SKF India is a good play on the revival in economic growth. Supplying products such as bearings, seals and lubricants for both automotive and industrial requirements, the company will be a direct beneficiary of the turnaround in auto sales and the uptick in industrial production. Its market leadership position, strong technological backing from its parent, Sweden-based SKF AB, and debt-free status also make the stock attractive.
At ₹1,394, the stock trades at about 34 times its trailing 12-month earnings.
This is at a discount to its peer FAG Bearings, which trades at about 40 times. Investors willing to hold for at least one year can buy the stock.
Bearings are used in almost all equipment to regulate speed, reduce friction, carry loads with ease and make their functioning more efficient.
Brighter days aheadSKF has about 25-30 per cent market share in the bearings industry in India and depends almost equally on the automotive and industrial segments for its revenues. After the slowdown of the last one-two years, factors such as the cooling off of inflation, rate cuts by the RBI and the gradual pick-up in industrial and automobile production imply that India should be back on the high growth path soon.
With several automobile companies such as Tata Motors, Maruti, Mahindra and Mahindra, Hero MotoCorp and Bajaj Auto among its clients, SKF is positioned well to benefit from the expected double-digit growth in auto sales over the next two years.

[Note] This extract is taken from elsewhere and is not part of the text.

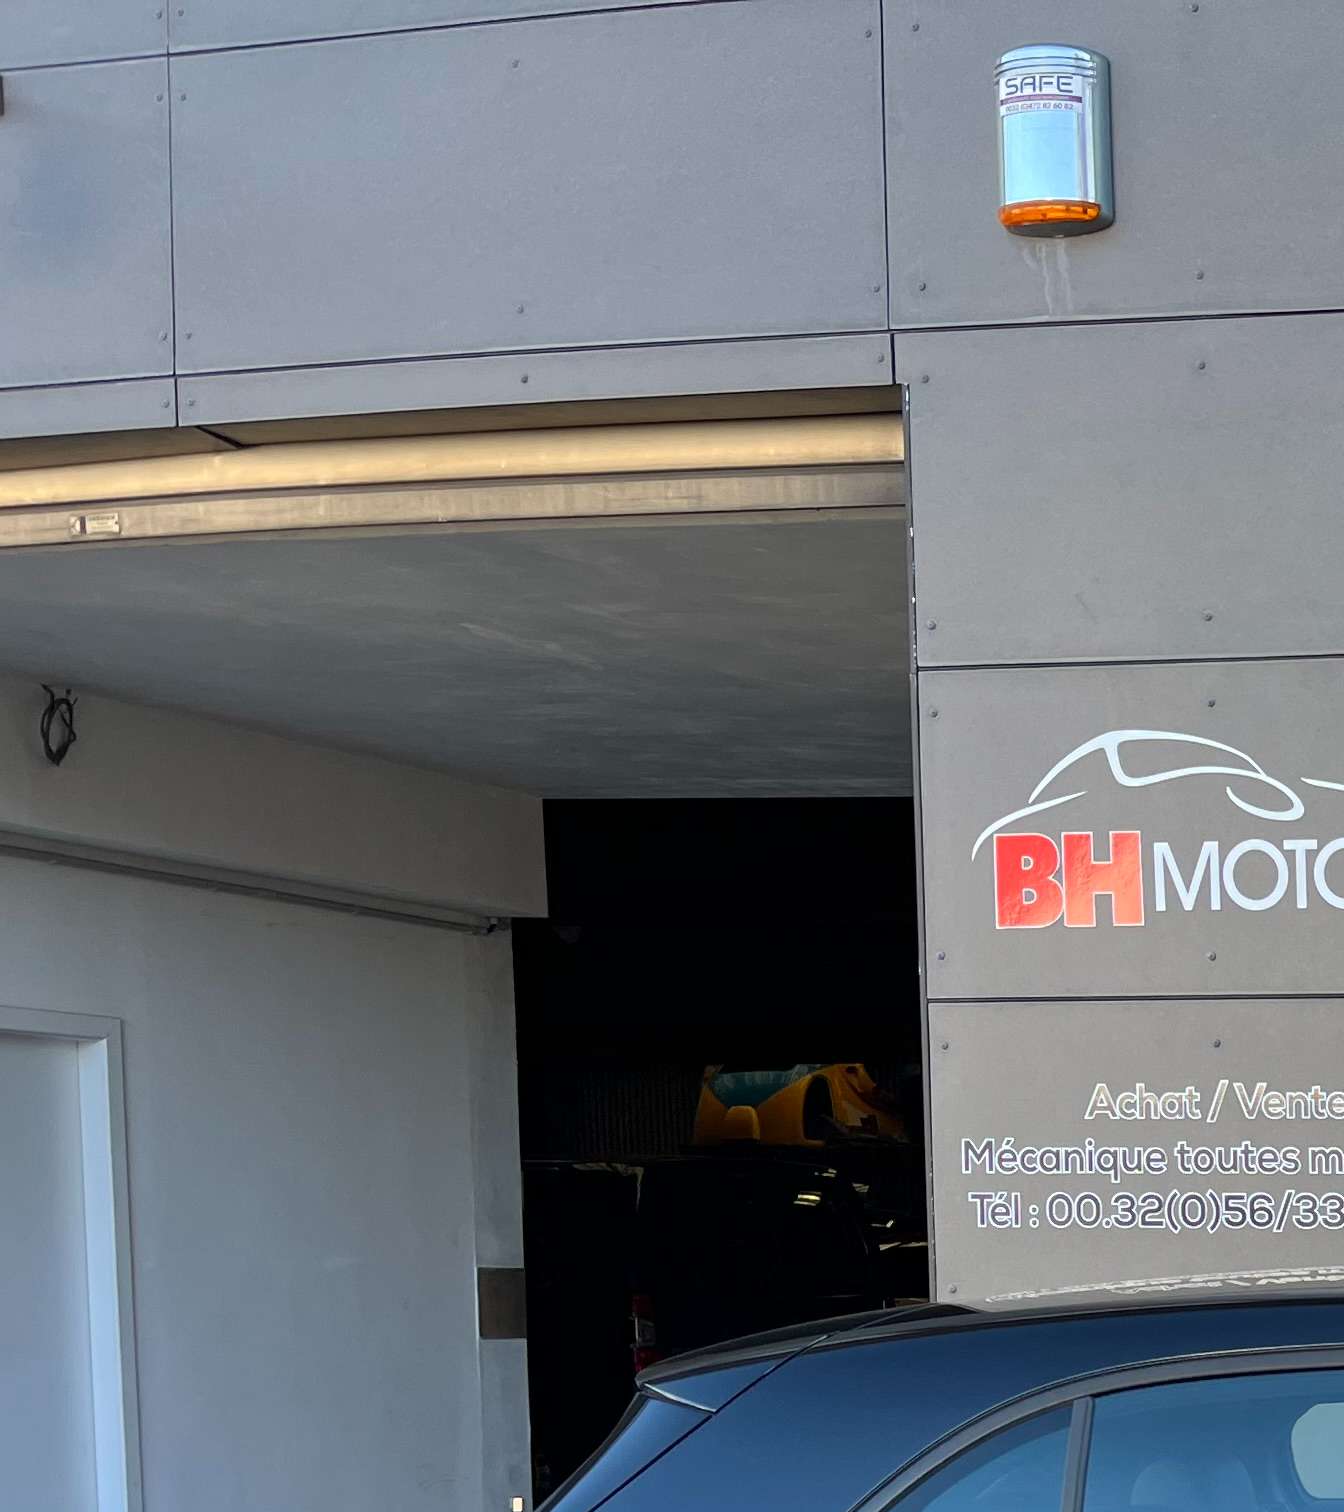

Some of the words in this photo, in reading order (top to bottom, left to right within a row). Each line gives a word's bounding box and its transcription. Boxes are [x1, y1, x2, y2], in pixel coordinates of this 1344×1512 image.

Already, in the April-December 2014 period, the overall domestic volume growth across all vehicle segments put together improved to 9.5 per cent from the 3.5 per cent growth in the year ended March 2014.
Besides, bearings are used across industries such as material handling, power, railways, machine tools and mining. Apart from a comeback in manufacturing and construction demand, policy measures to remove stumbling blocks and speed up execution in sectors such as power and mining should aid SKF.

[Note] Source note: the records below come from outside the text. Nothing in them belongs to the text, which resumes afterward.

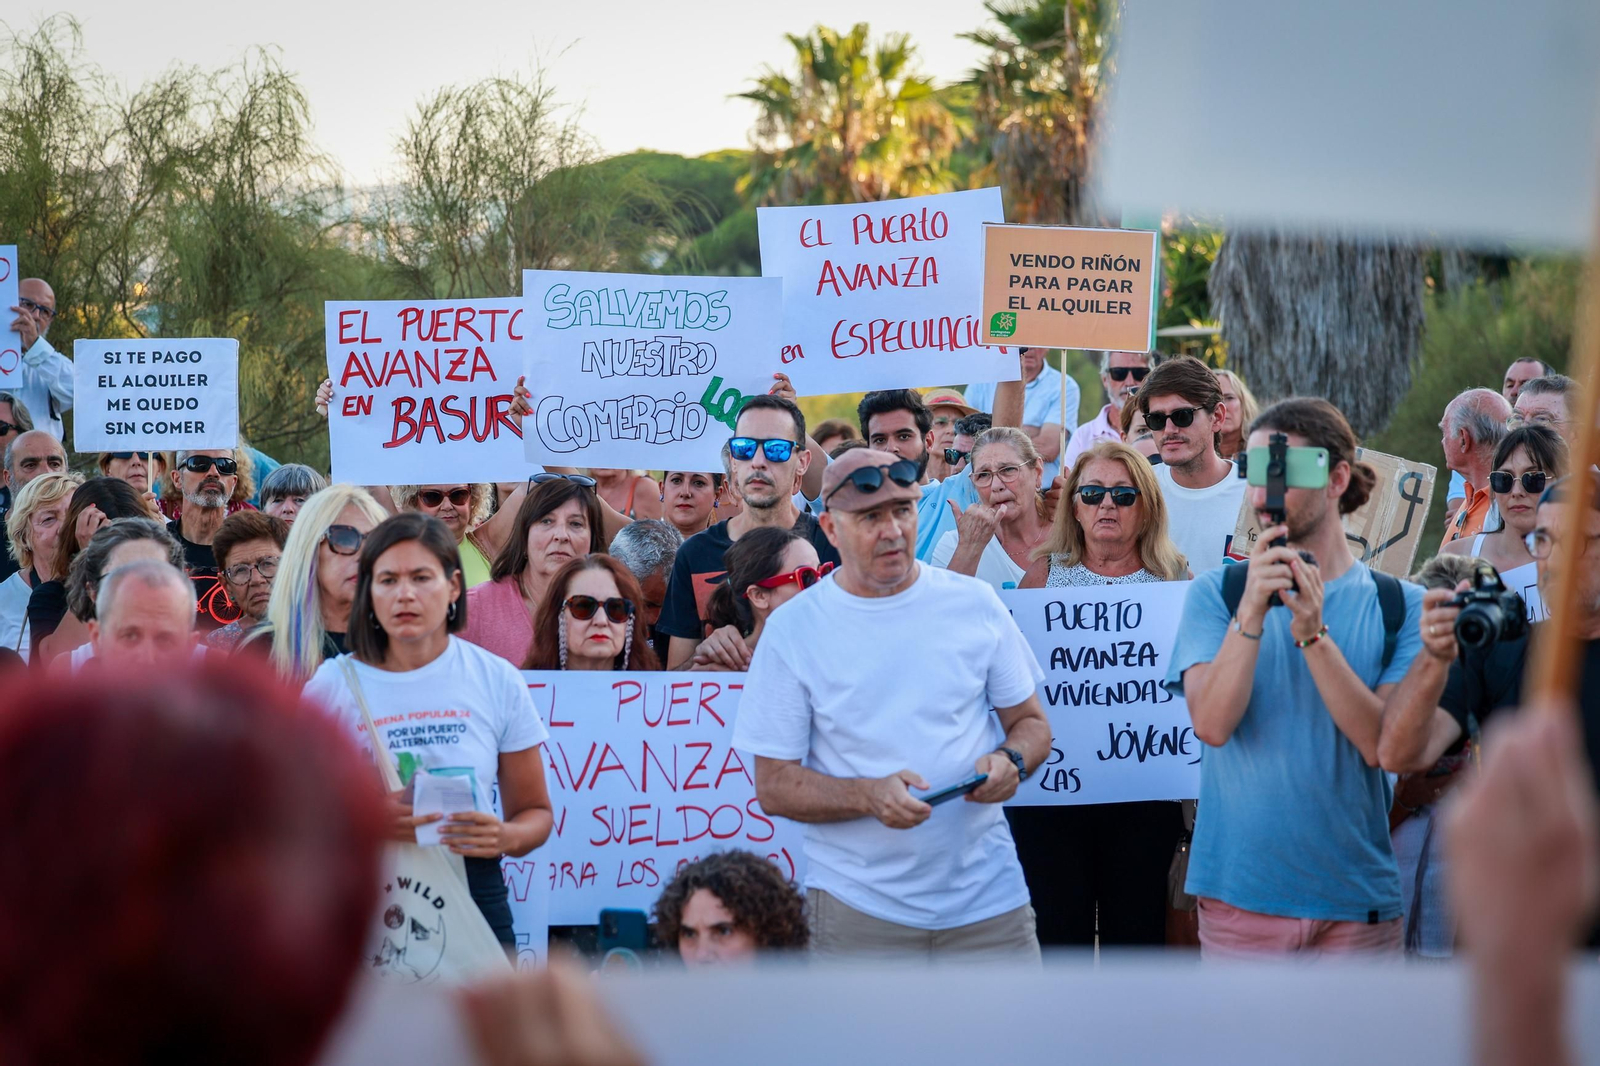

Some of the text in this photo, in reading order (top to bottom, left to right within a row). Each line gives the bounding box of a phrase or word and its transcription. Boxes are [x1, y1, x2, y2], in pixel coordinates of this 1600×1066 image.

[800, 218, 832, 248] EL
[816, 256, 939, 297] AVANZA
[1009, 253, 1141, 272] VENDO RIÑÓN
[1009, 274, 1133, 294] PARA PAGAR
[543, 283, 731, 331] SALVEMOS
[1008, 295, 1132, 316] EL ALQUILER
[339, 309, 382, 344] EL
[104, 350, 202, 364] SI TE PAGO
[339, 346, 498, 389] AVANZA
[581, 336, 717, 379] NUESTRO
[98, 374, 208, 388] EL ALQUILER
[107, 397, 199, 411] ME QUEDO
[105, 421, 205, 435] SIN COMER
[342, 394, 523, 449] EN BASUR
[1044, 599, 1143, 632] PUERTO
[1050, 641, 1159, 672] AVANZA
[612, 680, 744, 728] PUER
[357, 714, 404, 732] VBENA
[408, 709, 457, 721] POPULAR
[387, 723, 467, 738] POR UN PUERTO
[389, 735, 460, 750] ALTERNATIVO
[1039, 767, 1081, 793] LAS
[590, 797, 775, 847] SUELDOS
[617, 857, 660, 888] LOS
[397, 876, 445, 909] WILD
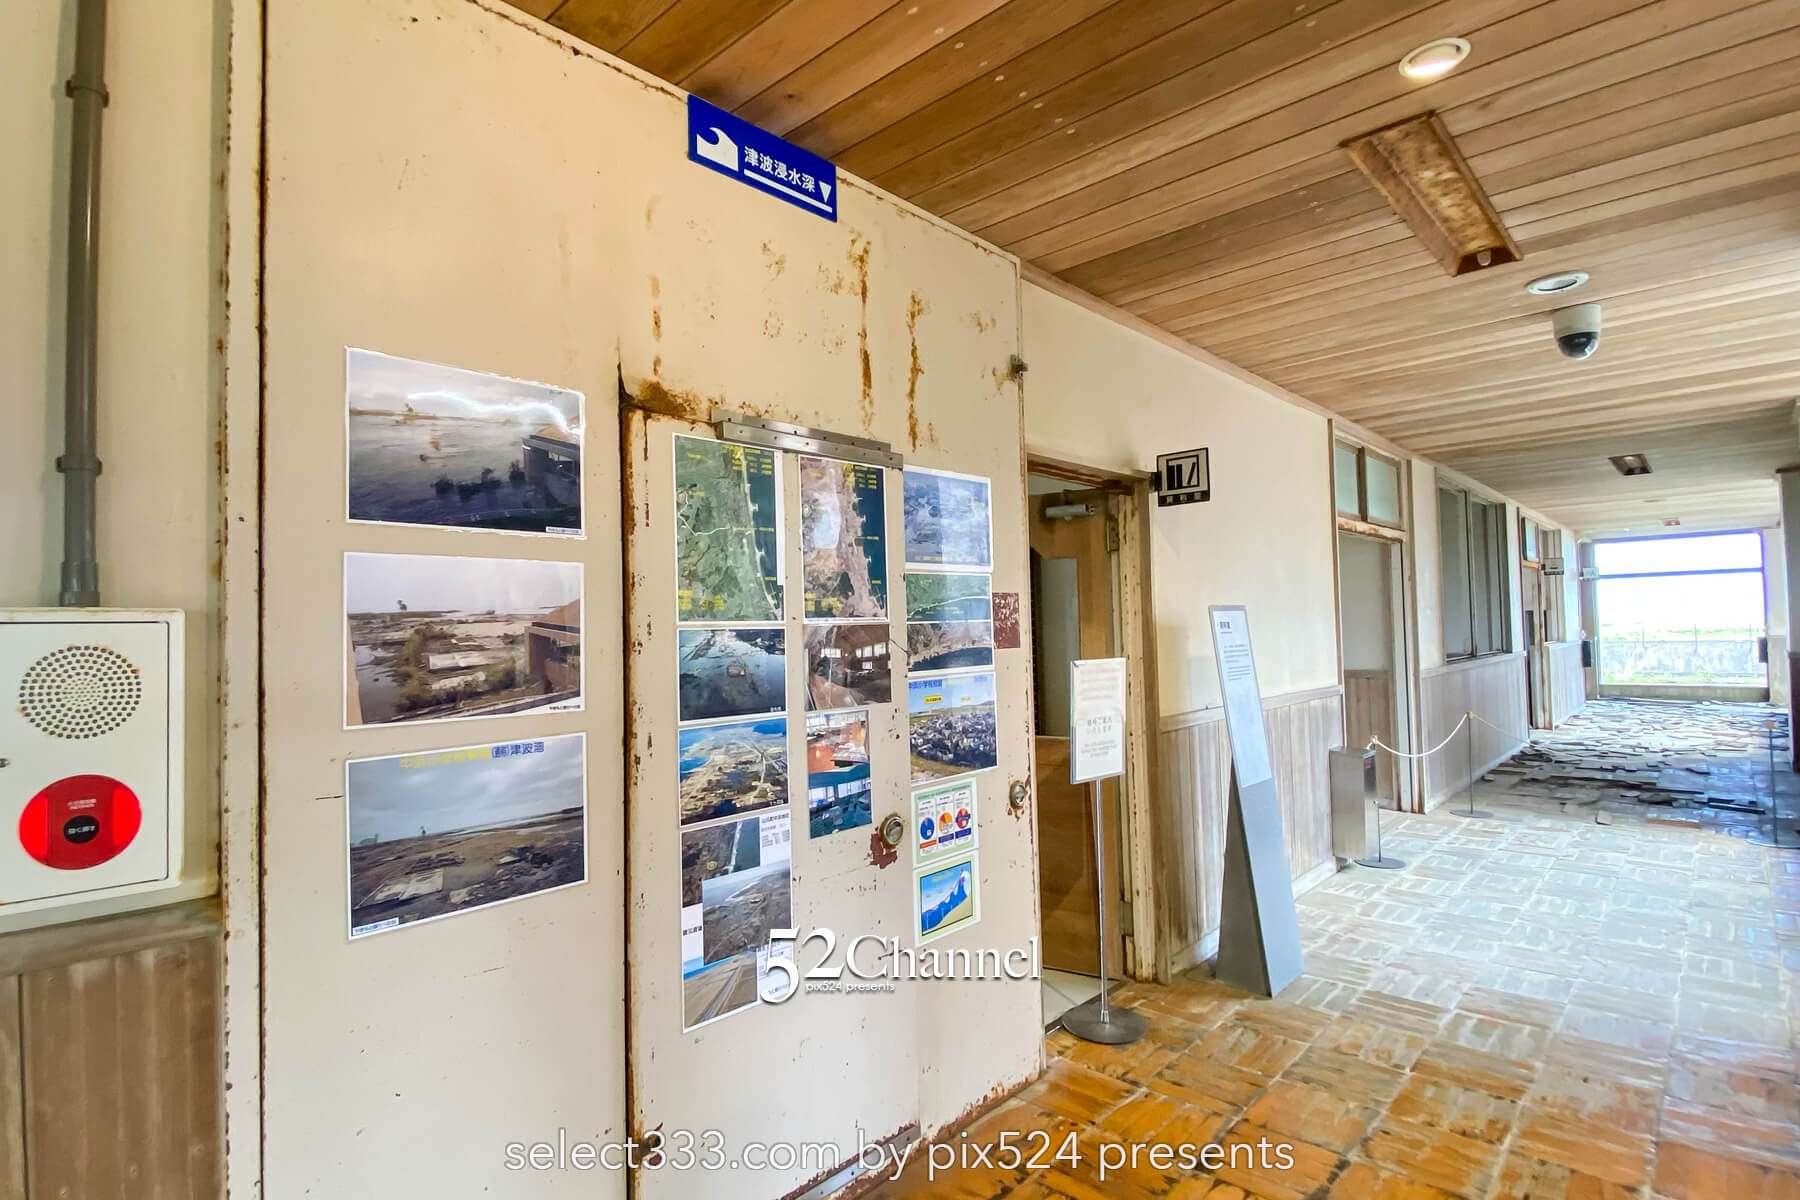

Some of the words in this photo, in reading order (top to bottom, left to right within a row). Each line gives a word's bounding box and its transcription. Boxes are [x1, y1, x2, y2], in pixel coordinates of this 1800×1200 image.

In the industrial division, SKF counts companies such as SAIL, NTPC, Tata Power, BHEL, L&T, GE, Reliance Industries, Cairn and ITC among its clients.
Scope for margin expansionAbout two-third of the industrial segment sales and one-third of the automobile segment sales come from the replacement markets currently. Hence, the sizeable replacement demand for bearings and a mild recovery in new vehicle sales in the last few months have kept SKF’s sales ticking in recent times.

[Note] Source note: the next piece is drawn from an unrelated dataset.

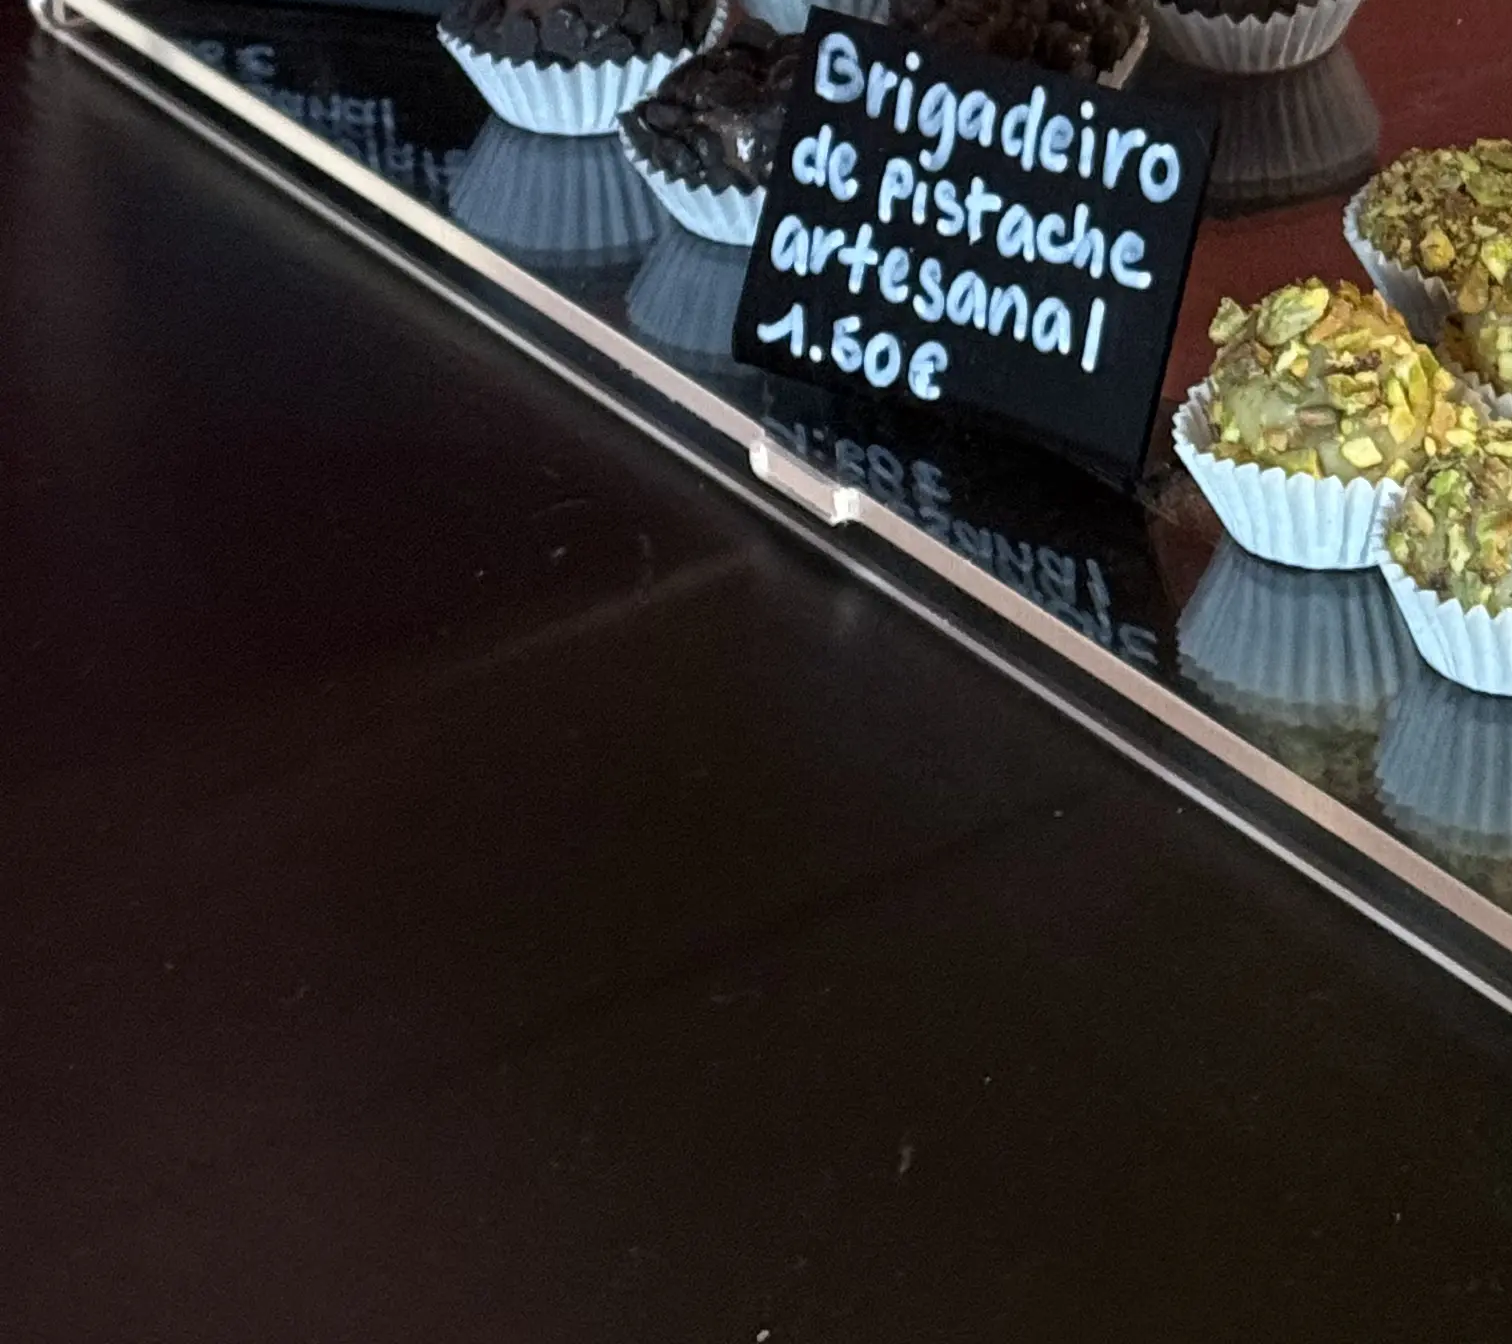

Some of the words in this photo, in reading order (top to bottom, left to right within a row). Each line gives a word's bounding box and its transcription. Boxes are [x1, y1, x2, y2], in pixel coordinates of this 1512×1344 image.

[791, 124, 859, 200] de
[815, 32, 1181, 202] Brigadeiro
[771, 215, 1106, 372] artesanal

For the nine months ended September 2014, net sales grew 7 per cent year-on-year to ₹1,767 crore and net profit 37 per cent to ₹162 crore.
Operating margin for these nine months stood at around 13 per cent compared with 11.4 per cent in the year-ago period. It has scope for expansion from greater domestic sourcing of industrial bearings.
SKF India makes automotive bearings domestically, but a majority of the industrial bearings is imported from the parent and sold as traded goods here. SKF Technologies, a subsidiary of the parent SKF, has recently set up a plant in Ahmedabad to make bearings for a few industries. Currently, only 10 per cent of the industrial bearing requirements of SKF India are obtained from here. More sourcing from this plant is expected.
The company is also expanding its distributor network for industrial bearings to cater to the replacement demand. Greater sale of new value-additions, such as energy monitoring service for pumps, StopGo for two-wheelers and rotor positioning bearings — all of which focus on reducing emissions — will also help margin expansion. These products now account for around 12 per cent of revenue.